Stuart Wheeler was a true original. I was lucky enough to be a friend (we met playing bridge), and will miss him greatly. He was often referred to as a spread-betting ‘tycoon’ but the word feels quite wrong: he was modest and unassuming, and his fierce intelligence was matched by a childlike guilelessness.
While his political views could be contentious, there was no doubting his integrity: unswayed by fashion, he relied on logic and probability to guide him. Indeed, his whole life was about calculating odds and taking risks — hence his passion for gambling. He was also extraordinarily generous. After selling his shares in his company, IG Index, he bought Chilham Castle in Kent, where he entertained large groups of friends every weekend for decades. A few years ago, I asked him whether he could afford to keep up this level of hospitality indefinitely. Characteristically, he told me that he’d worked out roughly how many more years he was likely to live (this was before his cancer diagnosis) vs the cost of running the castle, and thought his death would probably coincide with his funds running out.

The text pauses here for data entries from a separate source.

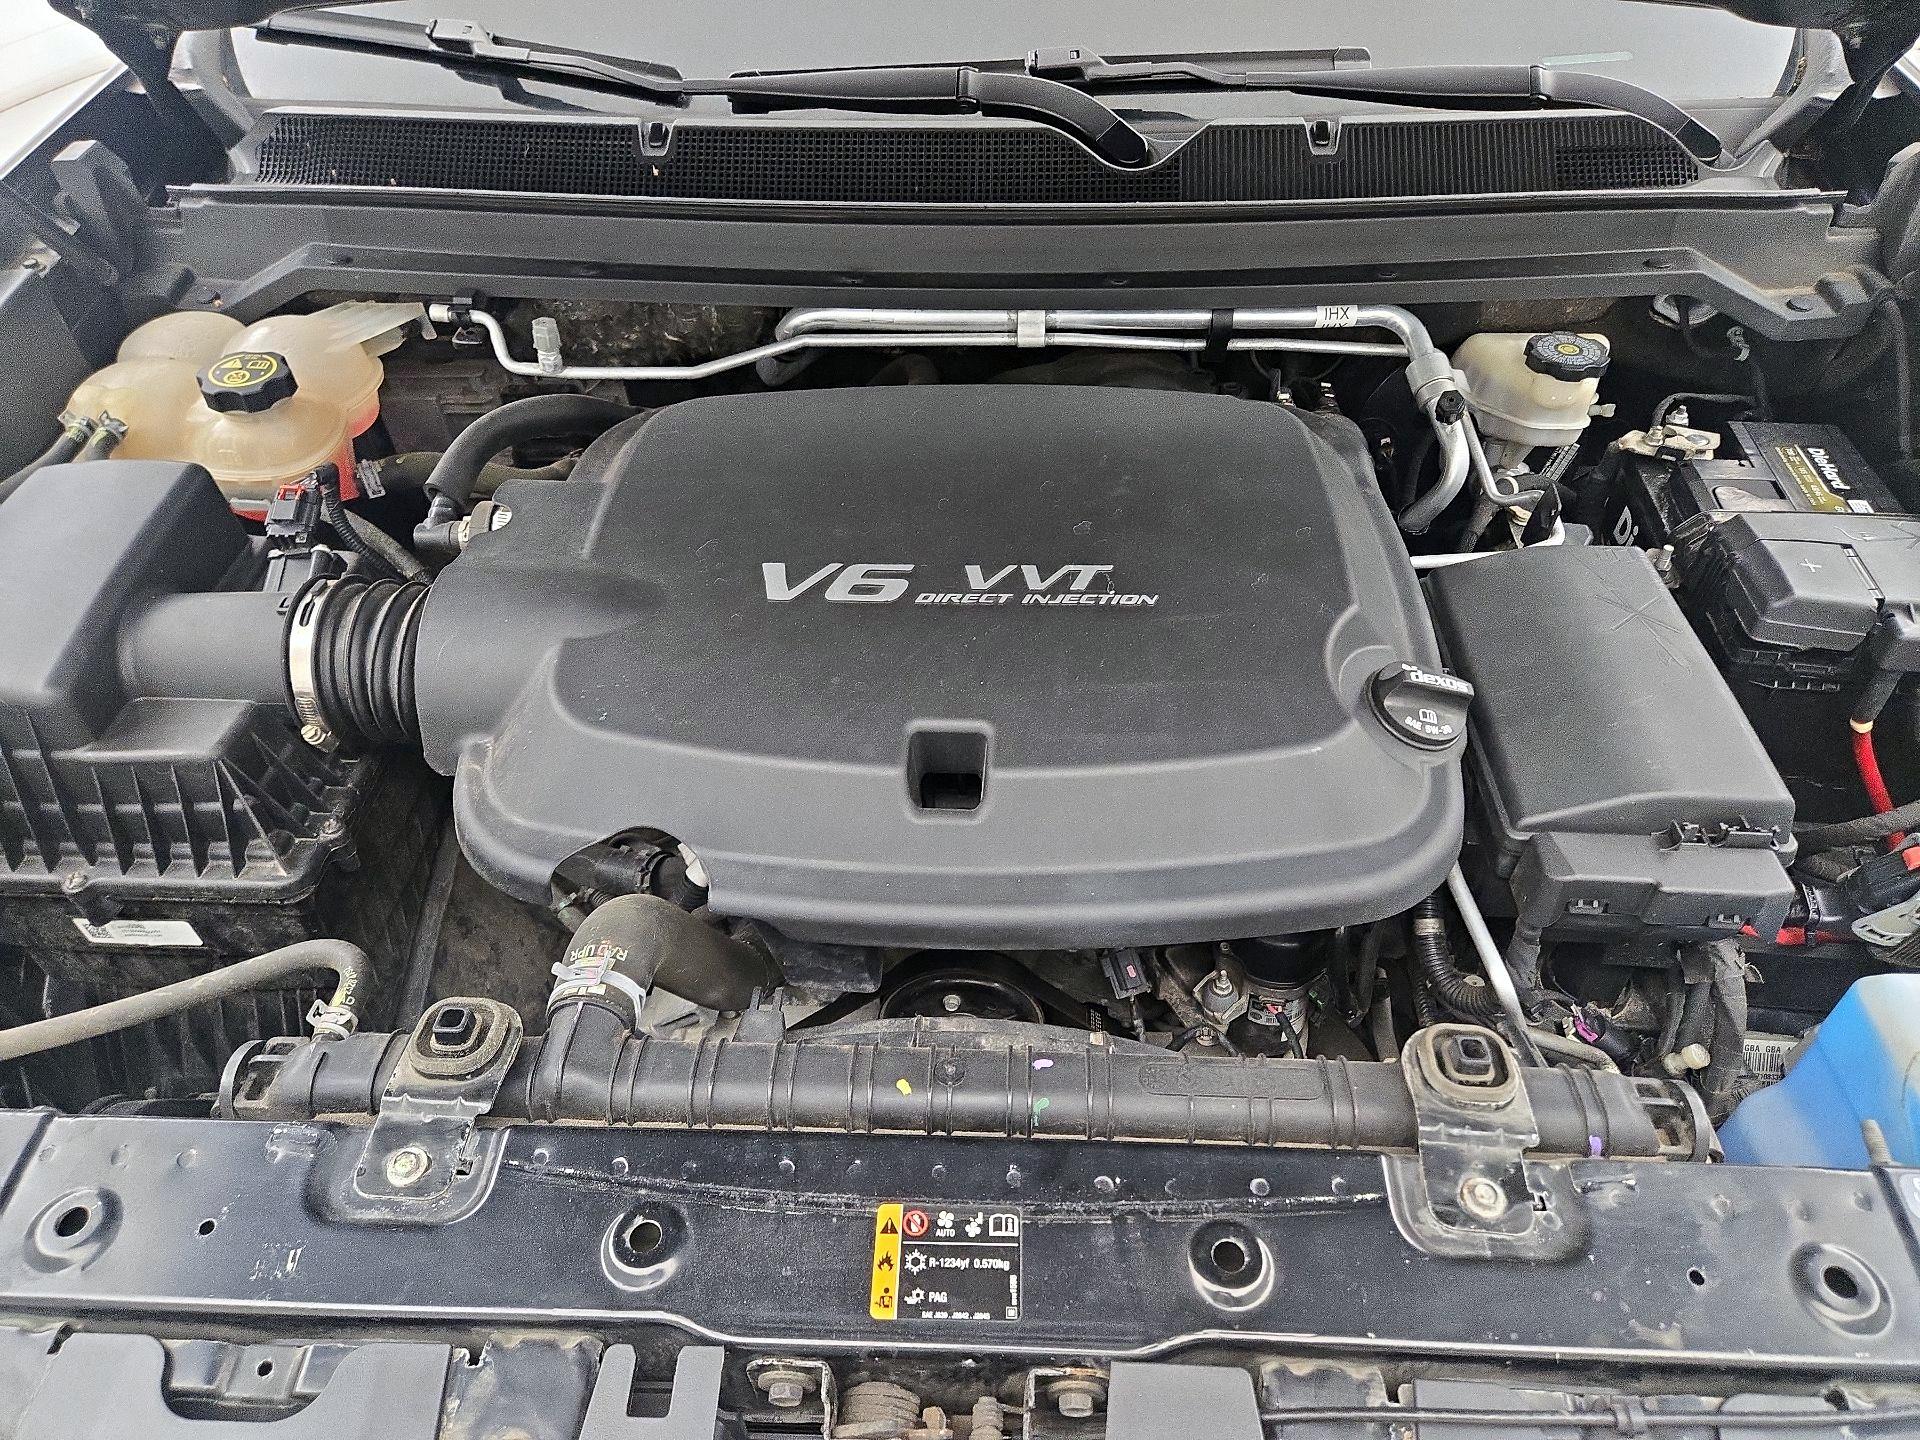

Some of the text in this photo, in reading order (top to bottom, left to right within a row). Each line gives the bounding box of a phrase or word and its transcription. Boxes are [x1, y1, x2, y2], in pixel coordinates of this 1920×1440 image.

[1807, 447, 1851, 490] DieHard
[762, 563, 1114, 602] V6 VVT
[914, 593, 1159, 605] DIRECT INJECTION
[1410, 669, 1468, 693] dexos
[1405, 716, 1422, 730] SAE
[935, 1228, 956, 1237] AUTO
[928, 1257, 1010, 1271] R-1234yf 0.570kg
[928, 1291, 948, 1303] PAG

I enjoyed many bridge weekends there. This hand was one of my favourites: Stuart was my partner, and we should have bid to 6D but — blame the lateness of the hour and the amount of wine consumed — ended up in 6S. Stuart was declarer.
West led the ♣2, ruffed in dummy. Things didn’t look good: it seemed one of the opponents needed to hold ♠QJ tight. But Stuart spotted an extra chance. At trick 2, he led a low trump from dummy! His ♠10 lost to West’s ♠J. West played another club. Stuart ruffed with dummy’s ♠A, came to hand with a heart ruff, cashed the ♠K, and when East’s ♠Q fell, claimed his contract. Yes, East erred by not hopping up with the ♠Q at trick 2 — but that was understandable. Did I say that Stuart was guileless? Never at the card table.